**What you have to do:** Each entry below is to be transcribed exactly.

**Data shown:**
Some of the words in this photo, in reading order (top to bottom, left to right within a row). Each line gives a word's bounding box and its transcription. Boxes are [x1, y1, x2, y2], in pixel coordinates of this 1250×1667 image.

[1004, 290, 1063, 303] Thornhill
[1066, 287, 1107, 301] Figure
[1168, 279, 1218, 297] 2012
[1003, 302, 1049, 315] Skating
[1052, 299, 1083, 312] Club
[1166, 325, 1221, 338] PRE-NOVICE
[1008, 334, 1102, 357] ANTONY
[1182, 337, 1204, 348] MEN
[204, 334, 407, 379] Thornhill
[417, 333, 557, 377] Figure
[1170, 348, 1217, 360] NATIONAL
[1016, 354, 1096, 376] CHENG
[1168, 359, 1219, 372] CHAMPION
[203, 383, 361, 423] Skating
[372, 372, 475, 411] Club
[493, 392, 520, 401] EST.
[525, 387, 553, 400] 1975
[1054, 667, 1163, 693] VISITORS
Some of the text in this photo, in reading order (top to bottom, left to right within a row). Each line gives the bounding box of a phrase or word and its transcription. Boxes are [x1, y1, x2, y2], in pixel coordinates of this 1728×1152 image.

**Final answer:**
Some of the words in this photo, in reading order (top to bottom, left to right within a row). Each line gives a word's bounding box and its transcription. Boxes are [x1, y1, x2, y2], in pixel coordinates of this 1250×1667 image.

[1004, 290, 1063, 303] Thornhill
[1066, 287, 1107, 301] Figure
[1168, 279, 1218, 297] 2012
[1003, 302, 1049, 315] Skating
[1052, 299, 1083, 312] Club
[1166, 325, 1221, 338] PRE-NOVICE
[1008, 334, 1102, 357] ANTONY
[1182, 337, 1204, 348] MEN
[204, 334, 407, 379] Thornhill
[417, 333, 557, 377] Figure
[1170, 348, 1217, 360] NATIONAL
[1016, 354, 1096, 376] CHENG
[1168, 359, 1219, 372] CHAMPION
[203, 383, 361, 423] Skating
[372, 372, 475, 411] Club
[493, 392, 520, 401] EST.
[525, 387, 553, 400] 1975
[1054, 667, 1163, 693] VISITORS
Some of the text in this photo, in reading order (top to bottom, left to right within a row). Each line gives the bounding box of a phrase or word and its transcription. Boxes are [x1, y1, x2, y2], in pixel coordinates of this 1728×1152 image.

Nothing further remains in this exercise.